[63] CHAPTER III—PREPARATION OF THE PATIENT FOR PERORAL ENDOSCOPY
The suggestions of the author in the earlier volumes in regard to preparation of the patient, as for any operation, by a bath, laxative, etc., and especially by special cleansing of the mouth with 25 per cent alcohol, have received general endorsement. Care should be taken not to set up undue reaction by vigorous scrubbing of gums unaccustomed to it. Artificial dentures should be removed. Even if no anesthetic is to be used, the patient should be fasted for five hours if possible, even for direct laryngoscopy in order to forestall vomiting. Except in emergency cases every patient should be gone over by an internist for organic disease in any form. If an endolaryngeal operation is needed by a nephritic, preparatory treatment may prevent laryngeal edema or other complications. Hemophilia should be thought of. It is quite common for the first symptom of an aortic aneurysm to be an impaired power to swallow, or the lodgment of a bolus of meat or other foreign body.
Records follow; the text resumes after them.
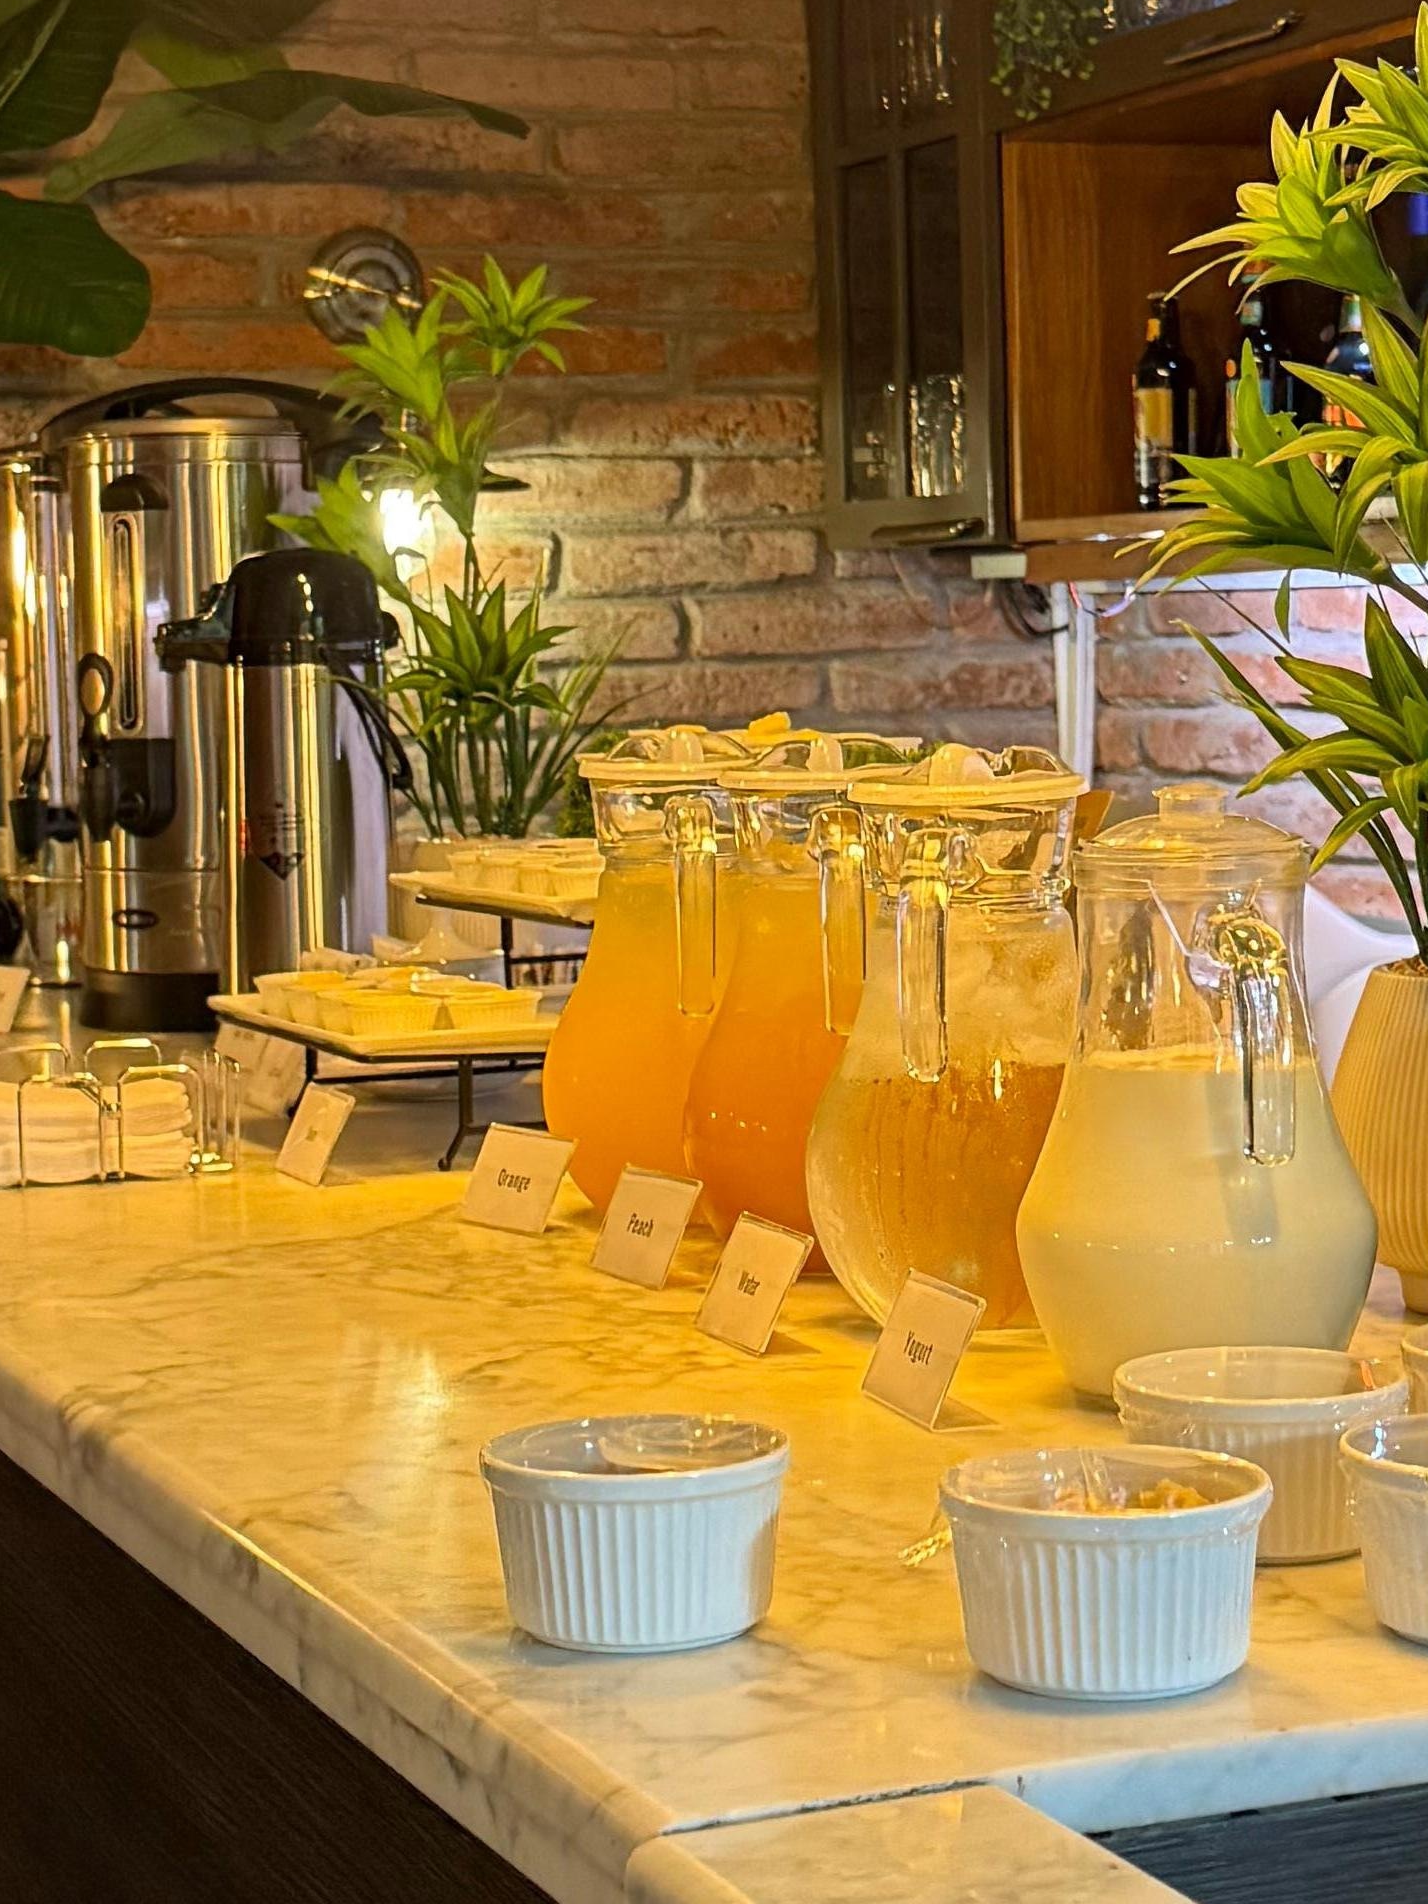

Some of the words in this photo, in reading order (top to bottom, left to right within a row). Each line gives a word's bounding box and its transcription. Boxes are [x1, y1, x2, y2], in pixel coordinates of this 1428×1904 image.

[497, 1168, 531, 1193] Orange
[626, 1212, 655, 1238] Peach
[736, 1269, 761, 1296] Water
[903, 1329, 934, 1365] Yogurt
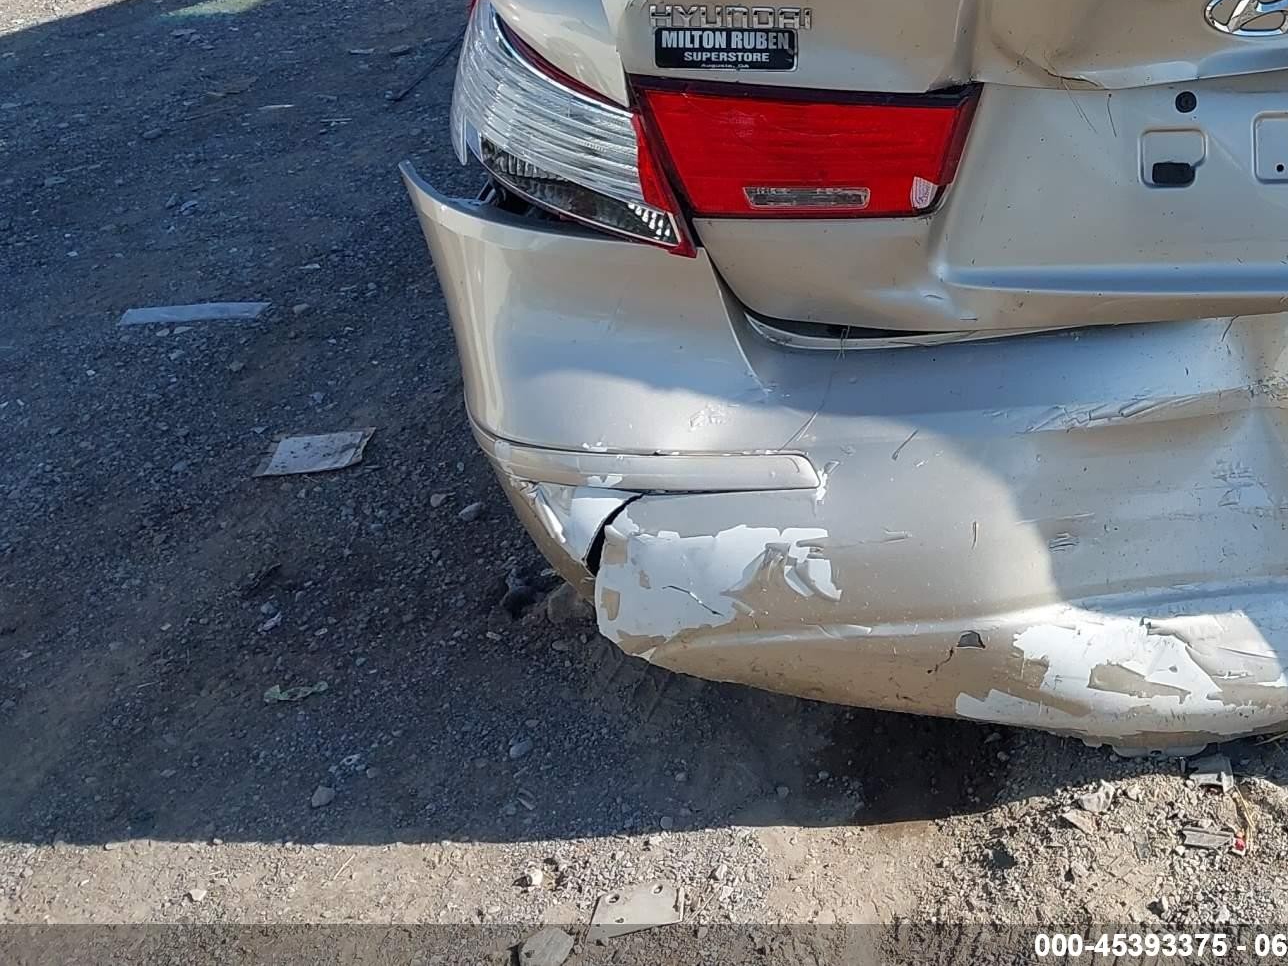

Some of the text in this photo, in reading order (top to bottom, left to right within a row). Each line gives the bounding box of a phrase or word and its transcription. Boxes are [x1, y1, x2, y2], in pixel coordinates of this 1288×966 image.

[649, 4, 812, 29] HYUNDAI
[661, 30, 789, 49] MILTON RUBEN
[684, 51, 770, 62] SUPERSTORE
If aneurysm is present and esophagoscopy is necessary, as it always is in foreign body cases, "to be fore-warned is to be forearmed." Pulmonary tuberculosis is often unsuspected in very young children. There is great danger from tracheal pressure by an esophageal diverticulum or dilatation distended with food; or the food maybe regurgitated and aspirated into the larynx and trachea. Therefore, in all esophageal cases the esophagus should be emptied by regurgitation induced by titillating the fauces with the finger after swallowing a tumblerful of water, pressure on the neck, etc. Aspiration will succeed in some cases. In others it is absolutely necessary to remove food with the esophagoscope. If the aspirating tube becomes clogged by solid food, the method of swab aspiration mentioned under bronchoscopy will succeed. Of course there is usually no cough to aid, but the involuntary abdominal and thoracic compression helps. Should a patient arrive in a serious state of water-hunger, as part of the preparation the patient must be given water by hypodermoclysis and enteroclysis, and if necessary the endoscopy, except in dyspneic cases, must be delayed until the danger of water-starvation is past.
As pointed out by Ellen J. Patterson the size of the thymus gland should be studied before an esophagoscopy is done on a child.
Every patient should be examined by indirect, mirror laryngoscopy as a preliminary to peroral endoscopy for any purpose whatsoever. This becomes doubly necessary in cases that are to be anesthetized.